WHAT TO WORK ON: All lines of the material should be given again exactly.

EXTRACTED INFORMATION:
┄┄┄┄┄┄┄┄┄┄┄┄┄┄┄┄┄┄┄┄

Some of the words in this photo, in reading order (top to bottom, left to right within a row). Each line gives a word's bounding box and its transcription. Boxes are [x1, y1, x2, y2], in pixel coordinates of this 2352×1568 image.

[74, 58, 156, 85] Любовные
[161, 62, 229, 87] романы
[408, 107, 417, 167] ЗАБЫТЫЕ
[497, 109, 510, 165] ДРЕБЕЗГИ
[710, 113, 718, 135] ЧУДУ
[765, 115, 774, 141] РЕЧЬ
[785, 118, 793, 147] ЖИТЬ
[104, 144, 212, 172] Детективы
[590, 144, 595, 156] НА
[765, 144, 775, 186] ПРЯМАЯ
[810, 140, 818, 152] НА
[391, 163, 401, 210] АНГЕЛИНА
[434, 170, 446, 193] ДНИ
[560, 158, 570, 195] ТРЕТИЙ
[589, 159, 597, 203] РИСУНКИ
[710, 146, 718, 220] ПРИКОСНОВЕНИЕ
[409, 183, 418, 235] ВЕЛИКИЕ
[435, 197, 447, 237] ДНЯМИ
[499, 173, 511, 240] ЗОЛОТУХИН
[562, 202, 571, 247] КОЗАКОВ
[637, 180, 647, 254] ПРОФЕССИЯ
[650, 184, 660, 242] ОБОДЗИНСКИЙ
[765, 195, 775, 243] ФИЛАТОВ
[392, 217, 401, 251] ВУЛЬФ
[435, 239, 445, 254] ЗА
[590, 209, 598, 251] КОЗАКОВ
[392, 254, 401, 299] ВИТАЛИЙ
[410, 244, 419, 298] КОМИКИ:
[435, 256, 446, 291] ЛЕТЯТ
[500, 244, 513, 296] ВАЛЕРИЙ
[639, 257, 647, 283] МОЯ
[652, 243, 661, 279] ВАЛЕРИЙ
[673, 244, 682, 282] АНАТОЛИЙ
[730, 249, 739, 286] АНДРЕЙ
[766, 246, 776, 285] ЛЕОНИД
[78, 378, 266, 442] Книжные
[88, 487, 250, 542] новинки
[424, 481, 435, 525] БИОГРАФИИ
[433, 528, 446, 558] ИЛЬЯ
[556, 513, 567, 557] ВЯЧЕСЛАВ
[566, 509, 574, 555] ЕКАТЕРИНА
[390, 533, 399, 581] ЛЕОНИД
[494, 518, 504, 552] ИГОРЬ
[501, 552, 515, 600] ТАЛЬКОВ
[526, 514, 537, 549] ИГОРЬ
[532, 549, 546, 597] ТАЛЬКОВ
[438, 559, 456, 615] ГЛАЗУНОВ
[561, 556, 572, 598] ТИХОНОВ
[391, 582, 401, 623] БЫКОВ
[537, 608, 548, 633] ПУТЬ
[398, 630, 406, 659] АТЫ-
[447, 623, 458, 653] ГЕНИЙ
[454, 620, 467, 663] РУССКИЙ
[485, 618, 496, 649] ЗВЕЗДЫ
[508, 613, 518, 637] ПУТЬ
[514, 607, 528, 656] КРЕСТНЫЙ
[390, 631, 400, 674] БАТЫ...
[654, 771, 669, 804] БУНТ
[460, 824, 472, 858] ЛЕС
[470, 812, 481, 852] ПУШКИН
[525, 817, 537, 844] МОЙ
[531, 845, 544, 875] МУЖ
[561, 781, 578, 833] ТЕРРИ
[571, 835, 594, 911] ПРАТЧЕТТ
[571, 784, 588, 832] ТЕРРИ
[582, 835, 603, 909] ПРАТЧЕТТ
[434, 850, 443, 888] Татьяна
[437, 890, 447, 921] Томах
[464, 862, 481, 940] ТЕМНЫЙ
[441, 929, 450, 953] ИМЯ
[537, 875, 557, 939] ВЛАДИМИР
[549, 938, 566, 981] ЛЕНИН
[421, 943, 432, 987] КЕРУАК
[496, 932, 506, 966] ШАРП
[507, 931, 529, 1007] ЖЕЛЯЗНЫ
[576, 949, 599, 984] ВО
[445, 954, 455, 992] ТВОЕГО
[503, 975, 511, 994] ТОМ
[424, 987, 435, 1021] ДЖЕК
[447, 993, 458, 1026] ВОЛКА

┄┄┄┄┄┄┄┄┄┄┄┄┄┄┄┄┄┄┄┄

THE ANSWER:
Some of the words in this photo, in reading order (top to bottom, left to right within a row). Each line gives a word's bounding box and its transcription. Boxes are [x1, y1, x2, y2], in pixel coordinates of this 2352×1568 image.

[74, 58, 156, 85] Любовные
[161, 62, 229, 87] романы
[408, 107, 417, 167] ЗАБЫТЫЕ
[497, 109, 510, 165] ДРЕБЕЗГИ
[710, 113, 718, 135] ЧУДУ
[765, 115, 774, 141] РЕЧЬ
[785, 118, 793, 147] ЖИТЬ
[104, 144, 212, 172] Детективы
[590, 144, 595, 156] НА
[765, 144, 775, 186] ПРЯМАЯ
[810, 140, 818, 152] НА
[391, 163, 401, 210] АНГЕЛИНА
[434, 170, 446, 193] ДНИ
[560, 158, 570, 195] ТРЕТИЙ
[589, 159, 597, 203] РИСУНКИ
[710, 146, 718, 220] ПРИКОСНОВЕНИЕ
[409, 183, 418, 235] ВЕЛИКИЕ
[435, 197, 447, 237] ДНЯМИ
[499, 173, 511, 240] ЗОЛОТУХИН
[562, 202, 571, 247] КОЗАКОВ
[637, 180, 647, 254] ПРОФЕССИЯ
[650, 184, 660, 242] ОБОДЗИНСКИЙ
[765, 195, 775, 243] ФИЛАТОВ
[392, 217, 401, 251] ВУЛЬФ
[435, 239, 445, 254] ЗА
[590, 209, 598, 251] КОЗАКОВ
[392, 254, 401, 299] ВИТАЛИЙ
[410, 244, 419, 298] КОМИКИ:
[435, 256, 446, 291] ЛЕТЯТ
[500, 244, 513, 296] ВАЛЕРИЙ
[639, 257, 647, 283] МОЯ
[652, 243, 661, 279] ВАЛЕРИЙ
[673, 244, 682, 282] АНАТОЛИЙ
[730, 249, 739, 286] АНДРЕЙ
[766, 246, 776, 285] ЛЕОНИД
[78, 378, 266, 442] Книжные
[88, 487, 250, 542] новинки
[424, 481, 435, 525] БИОГРАФИИ
[433, 528, 446, 558] ИЛЬЯ
[556, 513, 567, 557] ВЯЧЕСЛАВ
[566, 509, 574, 555] ЕКАТЕРИНА
[390, 533, 399, 581] ЛЕОНИД
[494, 518, 504, 552] ИГОРЬ
[501, 552, 515, 600] ТАЛЬКОВ
[526, 514, 537, 549] ИГОРЬ
[532, 549, 546, 597] ТАЛЬКОВ
[438, 559, 456, 615] ГЛАЗУНОВ
[561, 556, 572, 598] ТИХОНОВ
[391, 582, 401, 623] БЫКОВ
[537, 608, 548, 633] ПУТЬ
[398, 630, 406, 659] АТЫ-
[447, 623, 458, 653] ГЕНИЙ
[454, 620, 467, 663] РУССКИЙ
[485, 618, 496, 649] ЗВЕЗДЫ
[508, 613, 518, 637] ПУТЬ
[514, 607, 528, 656] КРЕСТНЫЙ
[390, 631, 400, 674] БАТЫ...
[654, 771, 669, 804] БУНТ
[460, 824, 472, 858] ЛЕС
[470, 812, 481, 852] ПУШКИН
[525, 817, 537, 844] МОЙ
[531, 845, 544, 875] МУЖ
[561, 781, 578, 833] ТЕРРИ
[571, 835, 594, 911] ПРАТЧЕТТ
[571, 784, 588, 832] ТЕРРИ
[582, 835, 603, 909] ПРАТЧЕТТ
[434, 850, 443, 888] Татьяна
[437, 890, 447, 921] Томах
[464, 862, 481, 940] ТЕМНЫЙ
[441, 929, 450, 953] ИМЯ
[537, 875, 557, 939] ВЛАДИМИР
[549, 938, 566, 981] ЛЕНИН
[421, 943, 432, 987] КЕРУАК
[496, 932, 506, 966] ШАРП
[507, 931, 529, 1007] ЖЕЛЯЗНЫ
[576, 949, 599, 984] ВО
[445, 954, 455, 992] ТВОЕГО
[503, 975, 511, 994] ТОМ
[424, 987, 435, 1021] ДЖЕК
[447, 993, 458, 1026] ВОЛКА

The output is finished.